### PROBLEM DESCRIPTION
Return the entries that follow exactly, with no images.

### INPUT
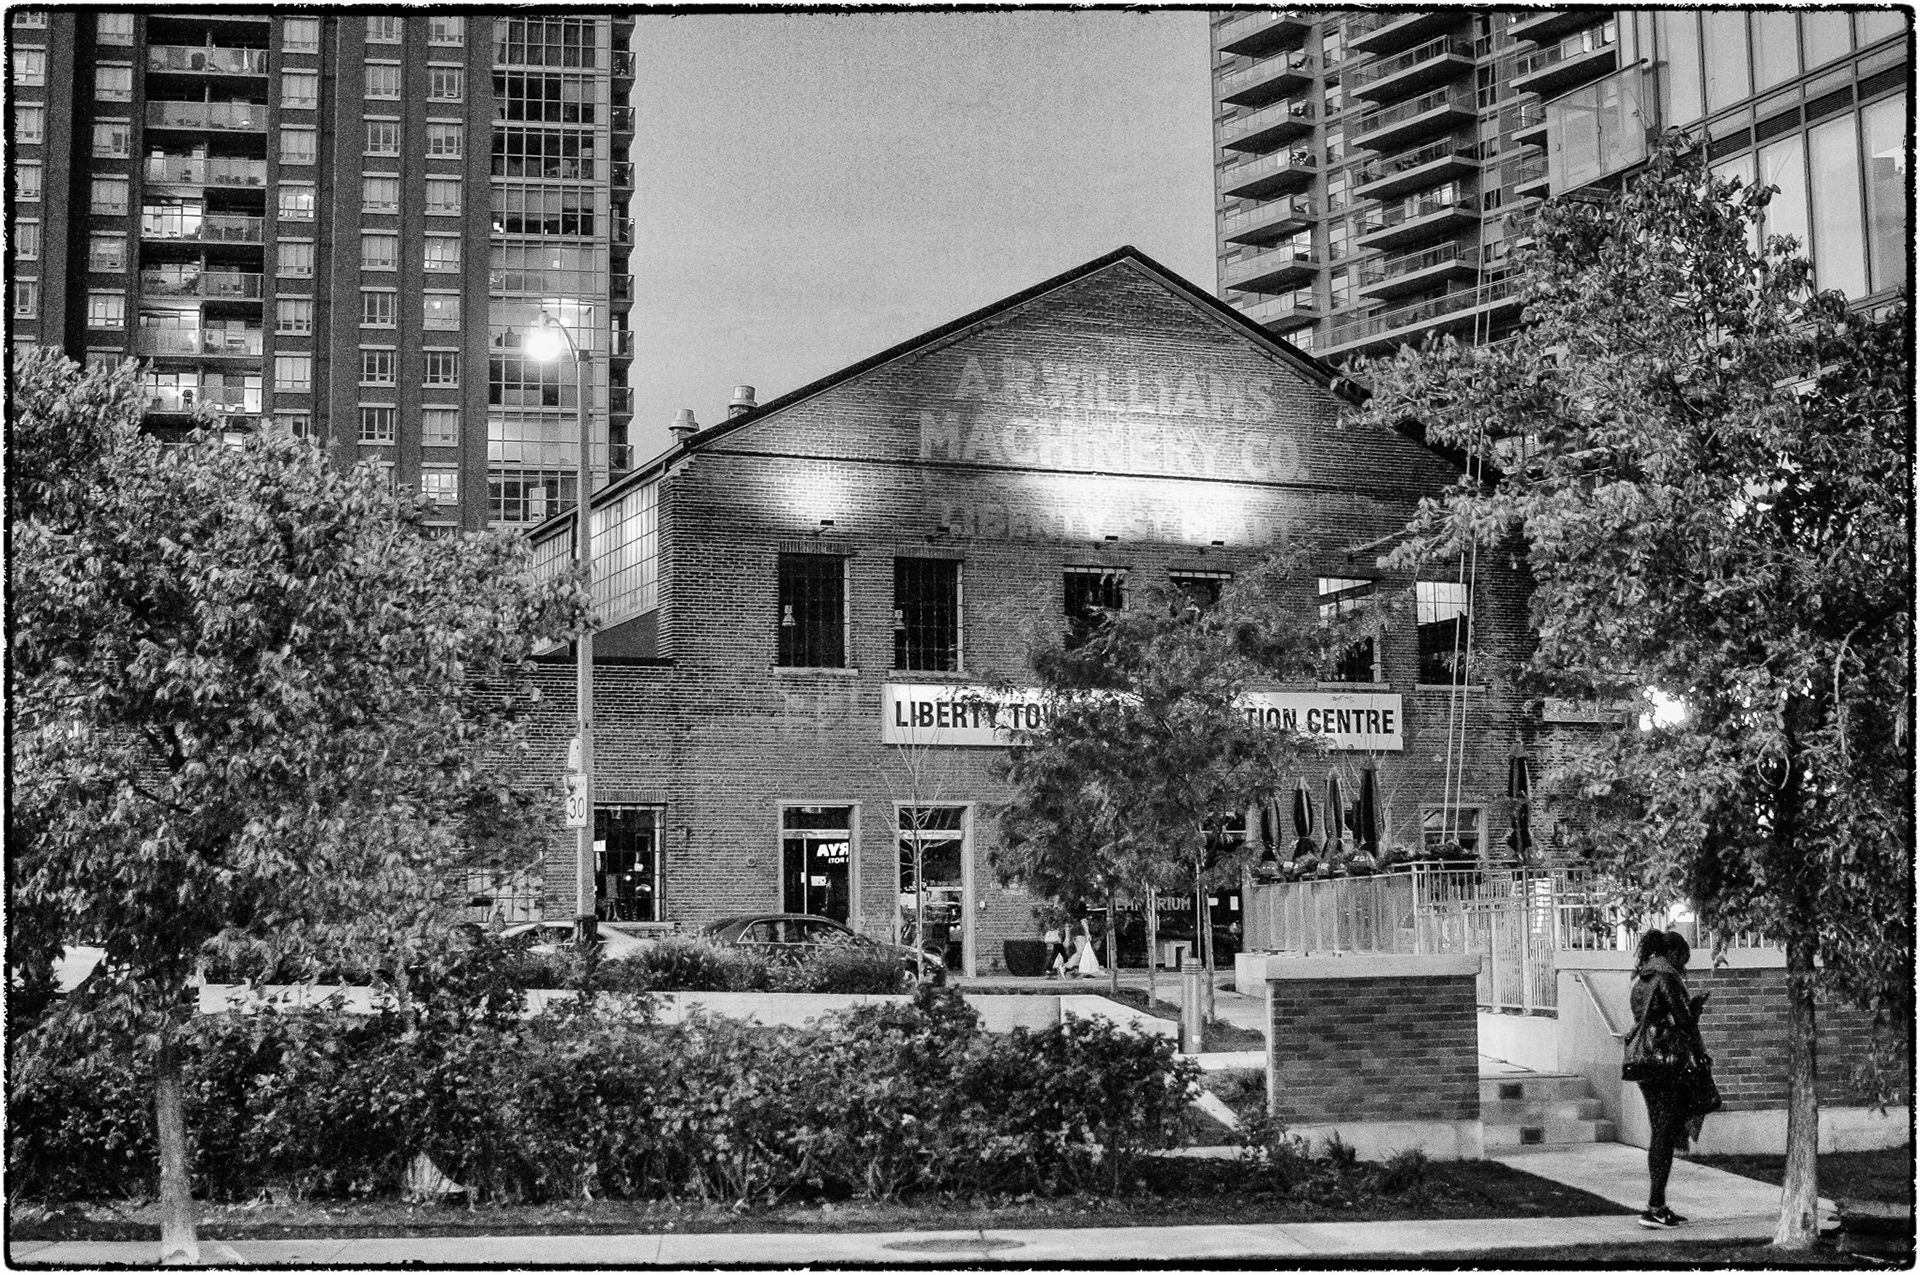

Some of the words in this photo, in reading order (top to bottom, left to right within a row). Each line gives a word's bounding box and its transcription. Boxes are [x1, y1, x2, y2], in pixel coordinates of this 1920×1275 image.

[919, 412, 1227, 475] MACHINERY
[1241, 434, 1309, 481] CO.
[895, 700, 1001, 729] LIBERTY
[1307, 708, 1395, 735] CENTRE
[570, 797, 584, 819] 30
[1115, 896, 1191, 911] EMRIUM

### EXERCISE OUTPUT
Some of the words in this photo, in reading order (top to bottom, left to right within a row). Each line gives a word's bounding box and its transcription. Boxes are [x1, y1, x2, y2], in pixel coordinates of this 1920×1275 image.

[919, 412, 1227, 475] MACHINERY
[1241, 434, 1309, 481] CO.
[895, 700, 1001, 729] LIBERTY
[1307, 708, 1395, 735] CENTRE
[570, 797, 584, 819] 30
[1115, 896, 1191, 911] EMRIUM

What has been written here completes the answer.